Travis LB, Fossa SD, Schonfeld SJ, McMaster ML, Lynch CF, Storm H, Hall P, Holowaty E, Andersen A, Pukkala E, Andersson M, Kaijser M, Gospodarowicz M, Joensuu T, Cohen RJ, Boice JD Jr, Dores GM, Gilbert ES, Division of Cancer Epidemiology and Genetics, National Cancer Institute, National Institutes of Health, Bethesda, MD.
Urologic Oncology. 2006 Mar-Apr;24(2):171-2. [Link]
Background: Although second primary cancers are a leading cause of death among men with testicular cancer, few studies have quantified risks among long-term survivors.
Methods: Within 14 population-based tumor registries in Europe and North America (1943-2001), we identified 40,576 1-year survivors of testicular cancer and ascertained data on any new incident solid tumors among these patients. We used Poisson regression analysis to model relative risks (RRs) and excess absolute risks (EARs) of second solid cancers. All statistical tests were two-sided.
Results: A total of 2,285 second solid cancers were reported in the cohort. The relative risk and EAR decreased with increasing age at testicular cancer diagnosis (P < .001); the EAR increased with attained age (P < .001) but the excess RR decreased. Among 10-year survivors diagnosed with testicular cancer at age 35 years, the risk of developing a second solid tumor was increased (RR = 1.9, 95% confidence interval [CI] = 1.8 to 2.1). Risk remained statistically significantly elevated for 35 years (RR = 1.7, 95% CI = 1.5 to 2.0; P < .001). We observed statistically significantly elevated risks, for the first time, for cancers of the pleura (malignant mesothelioma; RR = 3.4, 95% CI = 1.7 to 5.9) and esophagus (RR = 1.7, 95% CI = 1.0 to 2.6). Cancers of the lung (RR = 1.5, 95% CI = 1.2 to 1.7), colon (RR = 2.0, 95% CI = 1.7 to 2.5), bladder (RR = 2.7, 95% CI = 2.2 to 3.1), pancreas (RR = 3.6, 95% CI = 2.8 to 4.6), and stomach (RR = 4.0, 95% CI = 3.2 to 4.8) accounted for almost 60% of the total excess. Overall patterns were similar for seminoma and nonseminoma patients, with lower risks observed for nonseminoma patients treated after 1975. Statistically significantly increased risks of solid cancers were observed among patients treated with radiotherapy alone (RR = 2.0, 95% CI = 1.9 to 2.2), chemotherapy alone (RR = 1.8, 95% CI = 1.3 to 2.5), and both (RR = 2.9, 95% CI = 1.9 to 4.2). For patients diagnosed with seminomas or nonseminomatous tumors at age 35 years, cumulative risks of solid cancer 40 years later (i.e., to age 75 years) were 36% and 31%, respectively, compared with 23% for the general population.

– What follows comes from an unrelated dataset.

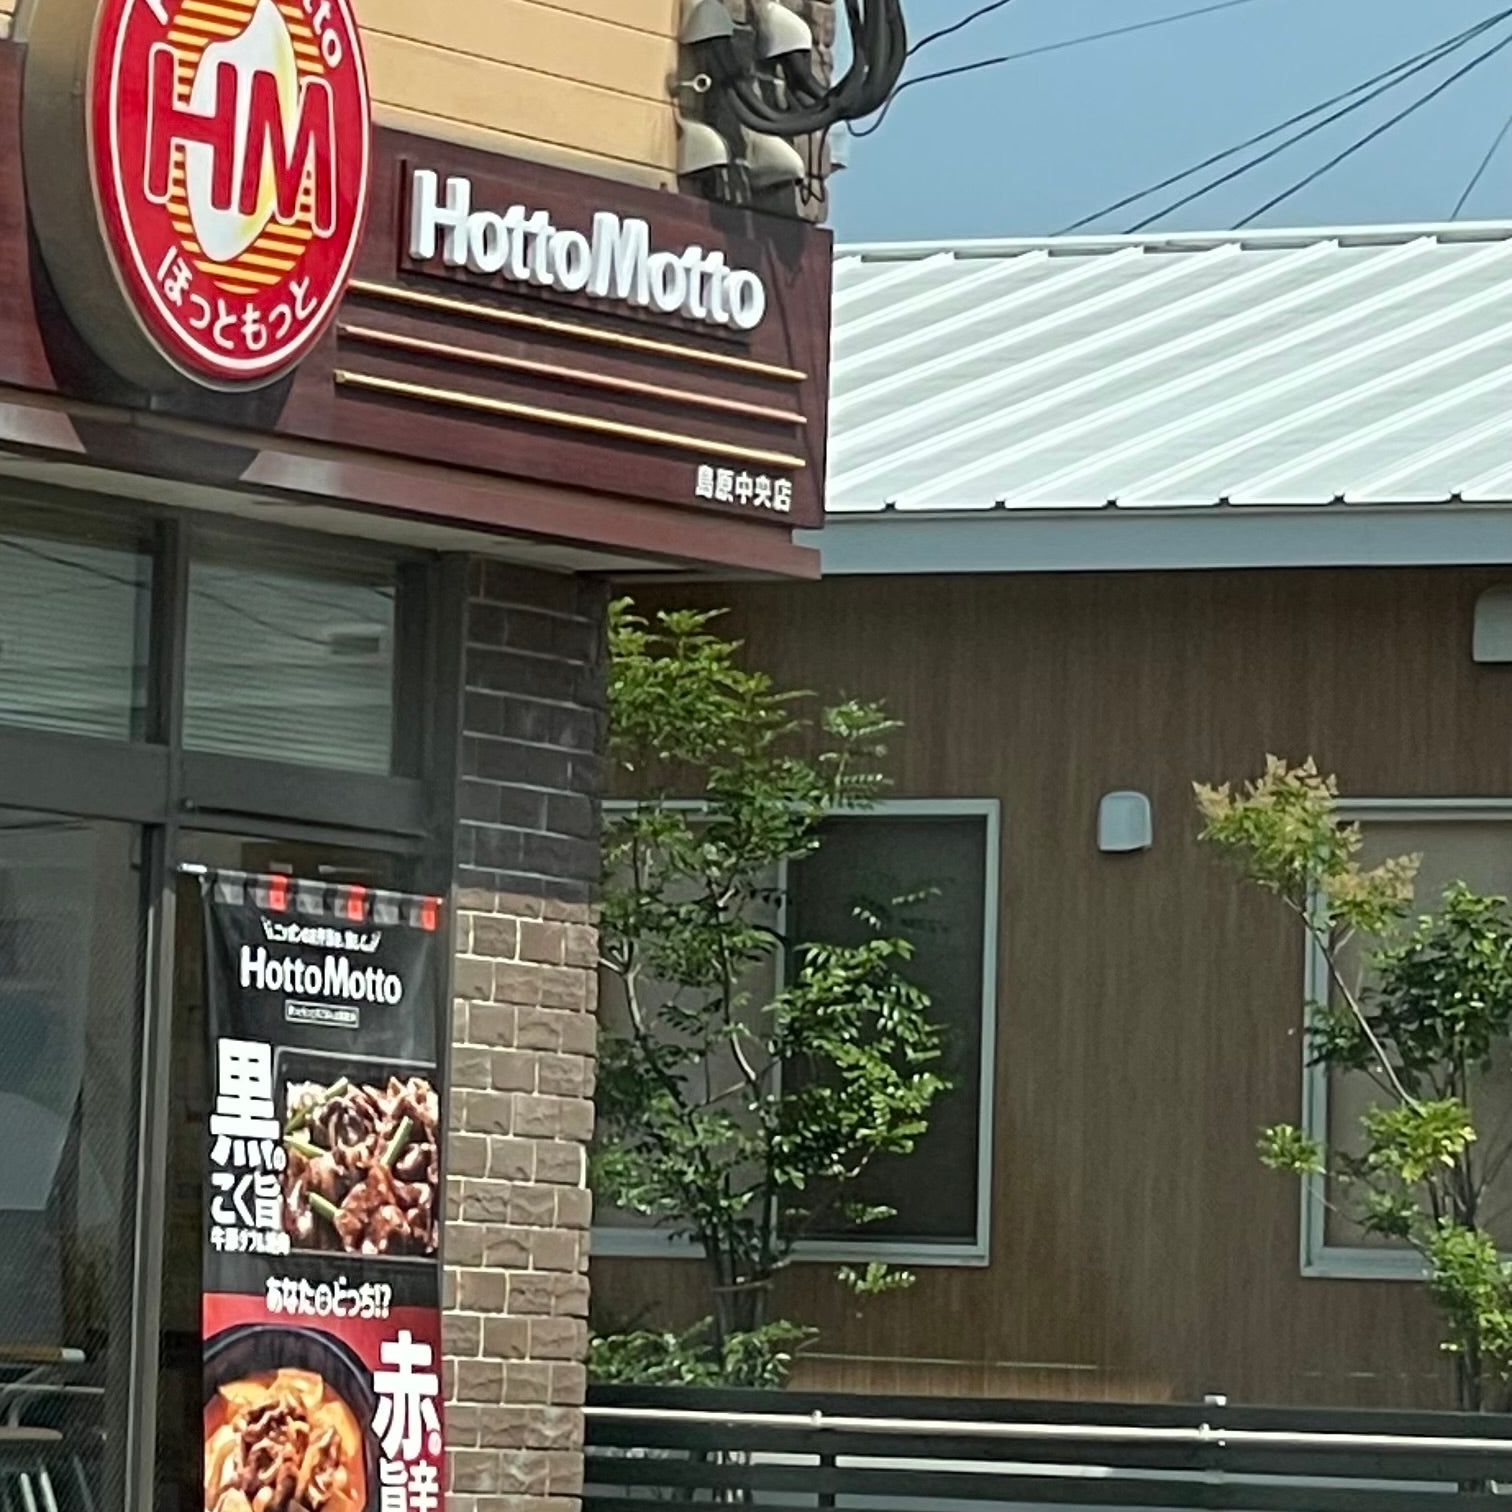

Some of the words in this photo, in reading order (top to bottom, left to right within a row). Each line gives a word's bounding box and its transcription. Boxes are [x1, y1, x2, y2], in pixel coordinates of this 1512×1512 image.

[156, 245, 319, 351] ほっともっと
[409, 169, 767, 331] HottoMotto
[239, 944, 403, 1005] HottoMotto

Conclusions: Testicular cancer survivors are at statistically significantly increased risk of solid tumors for at least 35 years after treatment. Young patients may experience high levels of risk as they reach older ages. The statistically significantly increased risk of malignant mesothelioma in testicular cancer survivors has, to our knowledge, not been observed previously in a cohort of patients treated with radiotherapy.